Kansas has 23 state parks, 2 national historic sites, 24 federal reservoirs, 48 state fishing lakes, more than 100 privately owned campsites, and more than 304,000 acres of public hunting and game management lands. The two major national historic sites are Ft. Larned and Ft. Scott, both 19th century army bases on the Indian frontier. In 2002, the top five parks (based on number of visitors) were Hillsdale State Park (1.6 million), El Dorado State Park (1 million), Clinton Lake, Perry Lake, and Tuttle Creek Lake.

The most popular tourist attraction, with over 2.4 million visitors in 2002, is Cabela's (Kansas City), a 190,000 square-foot showroom and shopping center featuring a mule deer museum, a 65,000 gallon aquarium, a gun library, and Yukon base camp grill. The next ranking visitor sites in 2002 were Harrah's Prairie Band Casino (Mayetta), the Kansas City Speedway, Sedgwick County Zoo (Wichita), Woodlands Race Tracks (Kansas City), New Theatre Restaurant (Overland Park), Exploration Place (Wichita) and the Kansas Cosmosphere and Space Center (Hutchinson).

Topeka features a number of tourist attractions, including the state capitol, state historical museum, and Menninger Foundation. Dodge City offers a reproduction of Old Front Street as it was when the town was the "cowboy capital of the world." Historic Wichita Cowtown is another frontier-town reproduction. In Hanover stands the only remaining original and unaltered Pony Express station. A recreated Little House on the Prairie, near the childhood home of Laura Ingalls Wilder, is 13 mi (21 km) southwest of Independence. The Eisenhower Center in Abilene contains the 34th president's family home, library, and museum. The state fair is held in Hutchinson.

Kansas Climate

Kansas contains three climatic types, according to the Köppen climate classification: humid continental, semi-arid steppe, and humid subtropical. The eastern two-thirds of the state (especially the northeastern portion) has a humid continental climate, with cool to cold winters and hot, often humid summers. Most of the precipitation falls in the summer and spring. The western third of the state - from about the U.S. Route 183 corridor westward - has a semiarid steppe climate. Summers are hot, often very hot, and generally less humid. Winters are highly changeable between warm and very cold. The western region receives an average of about 16 inches (40 cm) of precipitation per year. Chinook winds in the winter can warm western Kansas all the way into the 80°F (27°C) range. The far south-central and southeastern reaches of the state have a humid subtropical climate with hot, humid summers, milder winters and more precipitation than the rest of the state. Although not strictly falling in all of the zones, some features of all three climates can be found in most of the state, with droughts and changeable weather between dry and humid not uncommon, and both warm and cold spells in the winter.
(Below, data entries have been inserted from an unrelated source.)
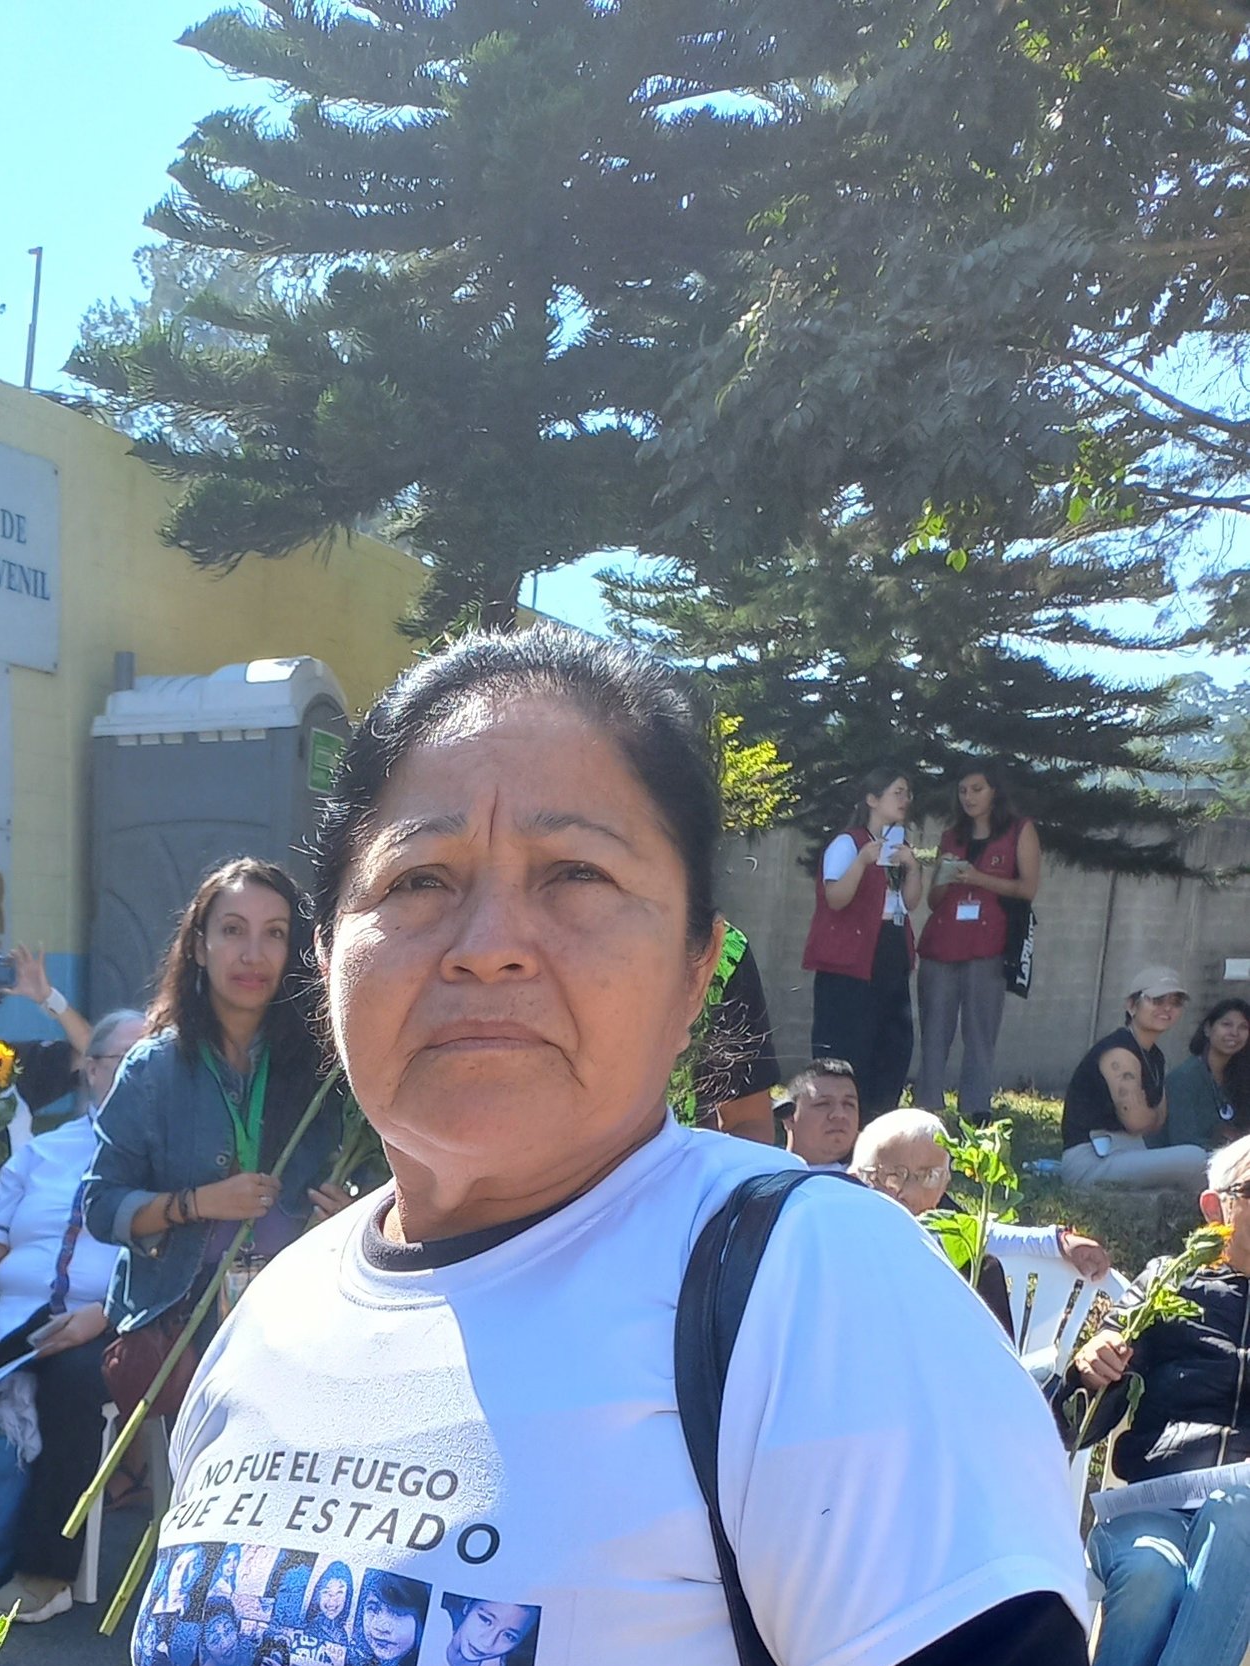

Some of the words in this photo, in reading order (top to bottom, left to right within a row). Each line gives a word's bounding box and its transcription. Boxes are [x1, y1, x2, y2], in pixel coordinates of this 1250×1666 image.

[0, 508, 27, 544] DE
[200, 1459, 233, 1491] NO
[233, 1451, 285, 1484] FUE
[288, 1451, 321, 1483] EL
[330, 1455, 459, 1501] FUEGO
[164, 1495, 220, 1532] FUE
[223, 1493, 268, 1527] EL
[285, 1495, 501, 1565] ESTADO
Precipitation ranges from about 46 inches (1200 mm) annually in the southeast of the state, to about 16 inches (400 mm) in the southwest. Snowfall ranges from around 5 inches (130 mm) in the fringes of the south, to 35 inches (900 mm) in the far northwest. Frost-free days range from more than 200 days in the south, to 130 days in the northwest. Thus, Kansas is the 9th or 10th sunniest state in the country, depending on the source. Western Kansas is as sunny as parts of California and Arizona.

Kansas Transportaion

Kansas is served by two Interstate highways with one beltway, two spur routes, and three bypasses, with over a total of 874 miles (1,407 km) in all. The first section of Interstate in the nation was opened on I-70 just west of Topeka on November 14, 1956. I-70 is a major east/west route connecting to St. Louis and Kansas City, Missouri, in the east and Denver, Colorado, in the west. Cities along this route (from east to west) include Kansas City, Lawrence, Topeka, Junction City, Salina, Hays, and Colby. I-35 is a major north/south route connecting to Des Moines, Iowa, in the north and Oklahoma City, Oklahoma, in the south. Cities along this route (from north to south) include Kansas City (and suburbs), Ottawa, Emporia, El Dorado, and Wichita.

The state's only major commercial airport is Wichita Mid-Continent Airport, located along US-54 on the western edge of the city. Most air travelers in eastern Kansas fly out of Kansas City International Airport, located in Platte County, Missouri. For those in the far western part of the state, Denver International Airport is a popular option.